Rep. Mike Volz and Rep. Keith Goehner: Fiscal responsibility and addressing transportation needs can co-exist
The pandemic has been harmful to many aspects of our state. One thing that has not suffered is Washington state's revenue. Tax collections, from you the taxpayer, have remained strong despite everything our economy, businesses, and families have had to endure.
Along with the record revenues, state spending has nearly doubled over the last decade. Going into a short session the governor has proposed an extremely large supplemental operating budget. His plan would spend an additional $8.8 billion over the next four years, increasing spending by 19% over the 2019-21 operating budget.
Despite the massive spending increase over the last decade, our state still has glaring needs going unaddressed, including our transportation system. We need to address current needs before spending more dollars on new programs, especially when it comes to transportation.
A recent study by the Reason Foundation ranked Washington state 42nd in the nation in highway performance and cost-effectiveness. The study also confirmed that the state spends far more per mile of road than most states.
In addition, Washington state is unable to keep up with road maintenance and preservation. Bridges are old and expensive to replace, many construction projects have been delayed, and railways are outdated. Also, state ferries are operating at drastically reduced levels of service and are asking for hundreds of millions of dollars to be added to their $1 billion budget.
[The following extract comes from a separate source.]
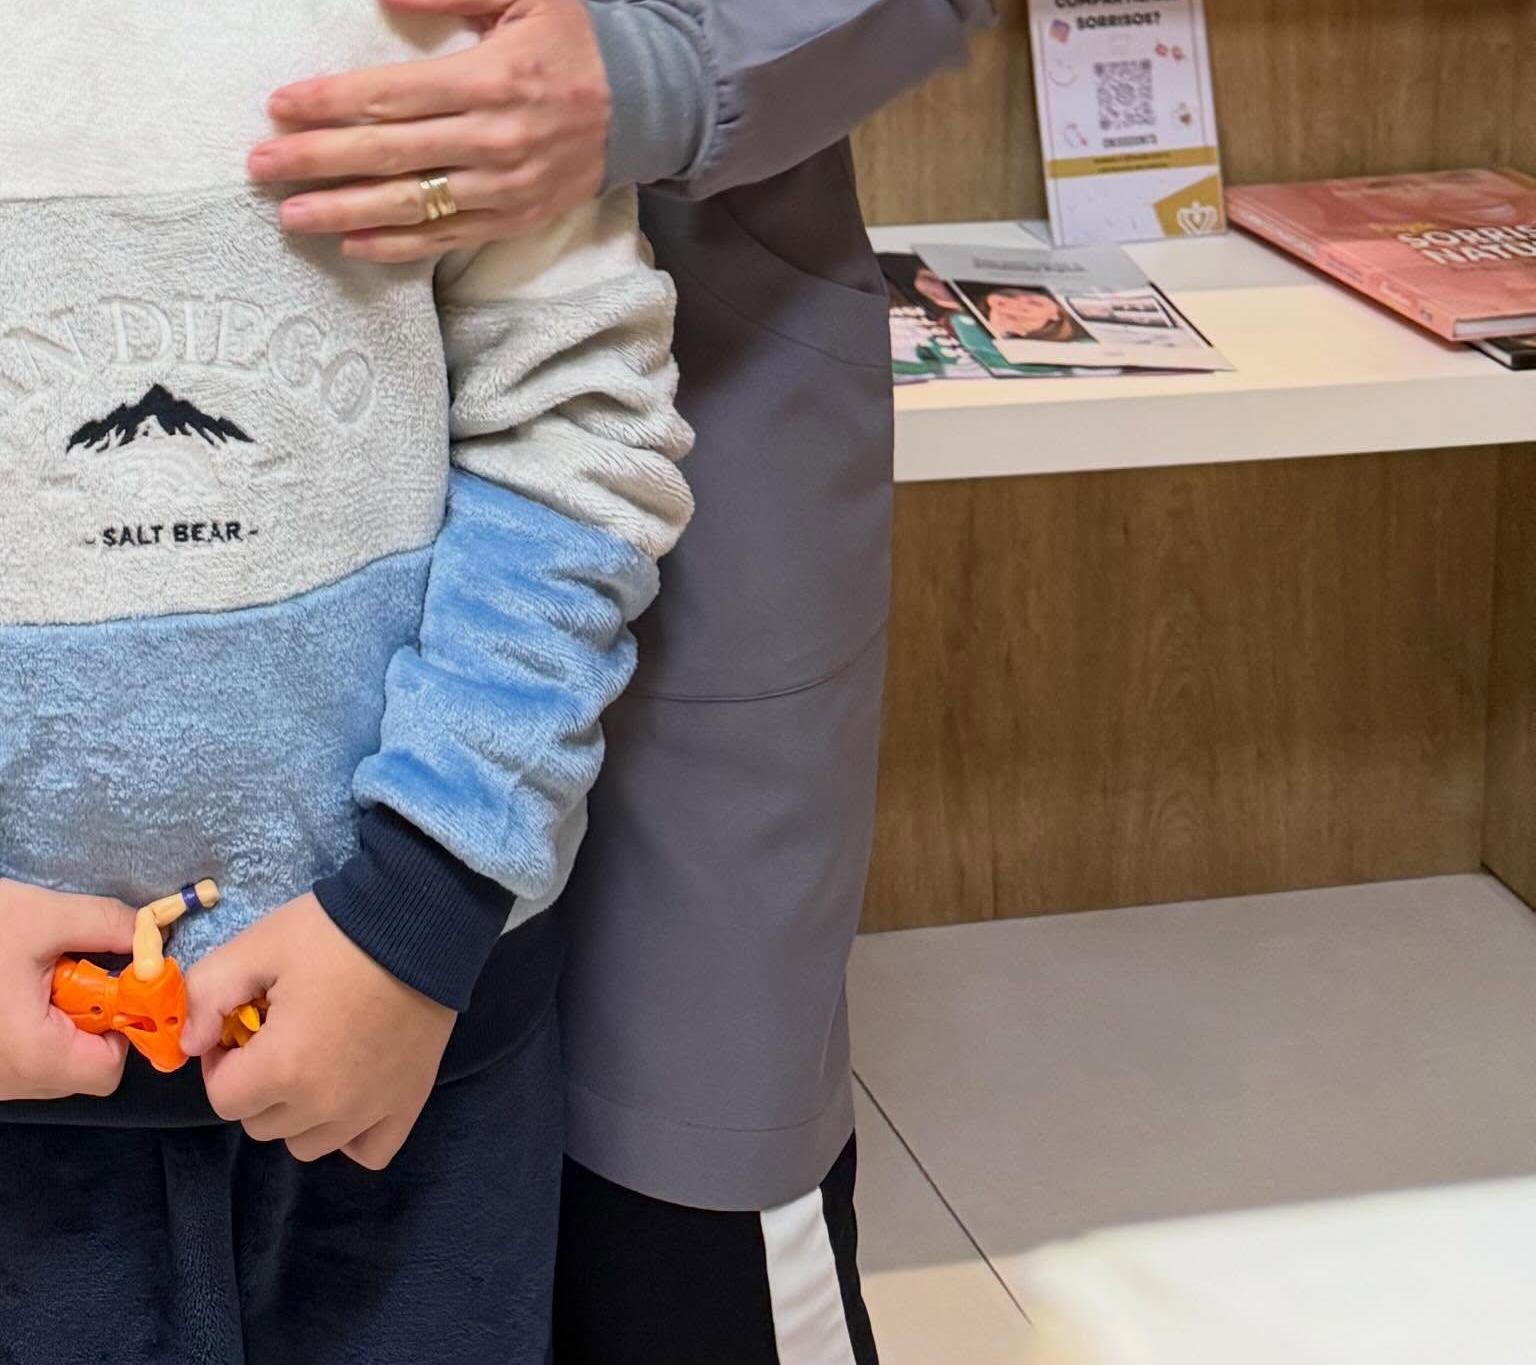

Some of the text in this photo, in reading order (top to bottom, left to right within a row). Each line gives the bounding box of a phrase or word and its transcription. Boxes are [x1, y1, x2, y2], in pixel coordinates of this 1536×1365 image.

[100, 294, 377, 425] DIEGO
[102, 519, 243, 547] SALT BEAR
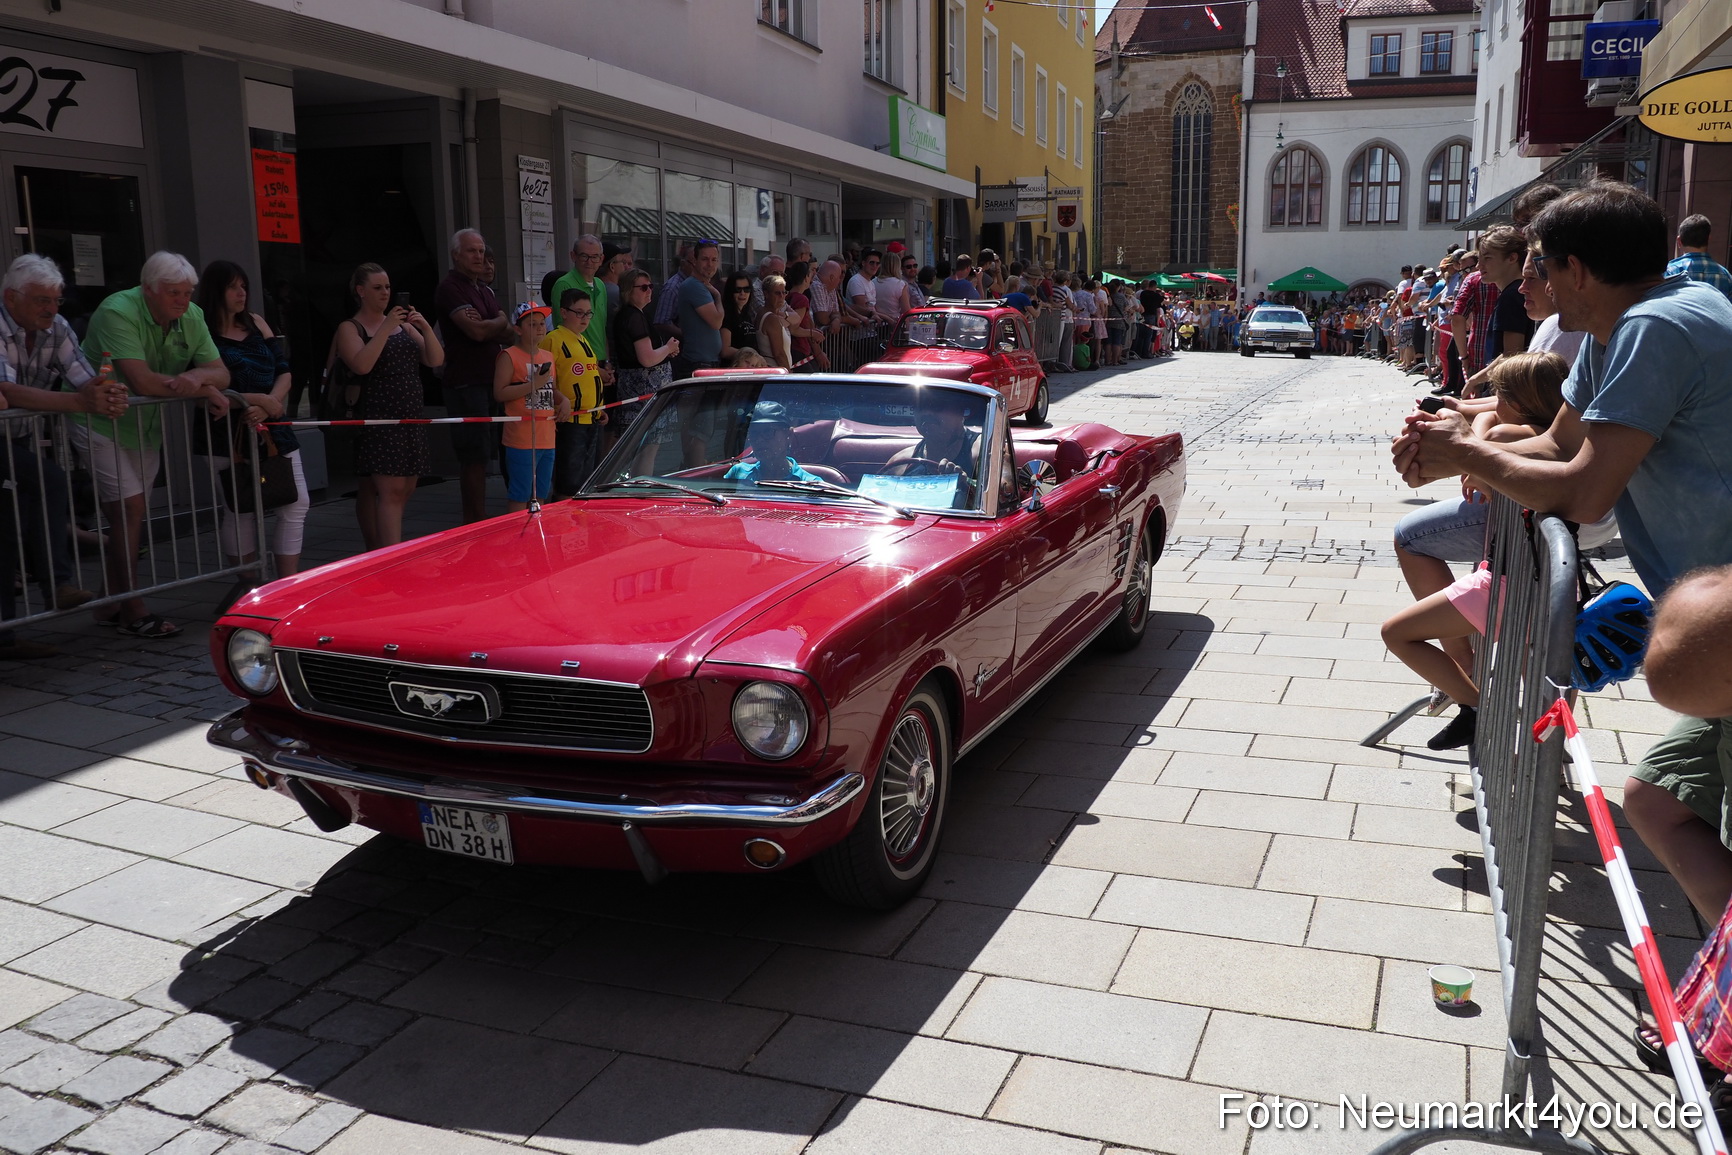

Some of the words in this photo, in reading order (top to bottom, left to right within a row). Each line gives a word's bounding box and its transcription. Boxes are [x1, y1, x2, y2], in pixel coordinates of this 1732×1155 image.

Our state's operating and transportation spending plans are two different budgets. For decades, transportation-related activities have been paid for mostly by drivers through fees and gas taxes. With more fuel-efficient vehicles, electric cars, and more people working from home, gas-tax revenue is declining at an alarming rate.
It is time for a new approach to fund transportation. Last session, we succeeded in getting an amendment into the transportation budget directing the Washington State Transportation Commission to look at additional revenue options for transportation that are not based on raising fees on drivers or increasing the gas tax. It had strong bipartisan support. Both sides of the aisle agreed we need to find other sources of revenue for transportation projects.
Unfortunately, the governor vetoed the language calling it an “unfunded study” despite the directive falling in line with the commission's roles and responsibilities. The veto was disappointing as the policy was a proactive approach to having a more in-depth conversation about creating a resilient and sustainable transportation budget for the future.
The recent transportation proposals from the majority party are nothing new – massive spending plans revolving around raising the gas tax and numerous vehicle fees. At a time when our citizens are paying higher gas prices and feeling the pain of inflation, why not study other options or come up with a different approach?
To that end, House Republicans in the state Legislature are sponsoring the Reprioritizing Existing Appropriations for Longevity (REAL) Act, House Bill 1603. The plan would create a sustainable and equitable transportation funding model, instead of continuing to rely on a funding system with declining revenues.
The REAL Act steps away from the old, antiquated way of thinking about transportation and budgeting. Our plan would:
- Allow certain transportation programs to be paid for by the general fund (which has a huge surplus) starting in 2025.
- Direct state sales tax paid on motor vehicles to be used for preservation and maintenance of the existing transportation system.
- Investigate a shift of the Safe Routes to School program to OSPI with direction to better coordinate funding for safe pathways to new schools.
- Transfer sales tax paid on transportation projects to the transportation budget.
One of state government's fundamental jobs is to take care of its transportation infrastructure. We can do that and still be fiscally responsible and efficient with taxpayer dollars. Our proposal puts us on a path to accomplish that goal while being more efficient with taxpayer dollars. It is time to get “REAL” about transportation in Washington.
(Rep. Mike Volz, R-Spokane, is the assistant ranking Republican on the House Transportation Committee. Rep. Keith Goehner, R-Dryden, is the ranking Republican on the House Local Government Committee and also serves on the House Transportation committee.)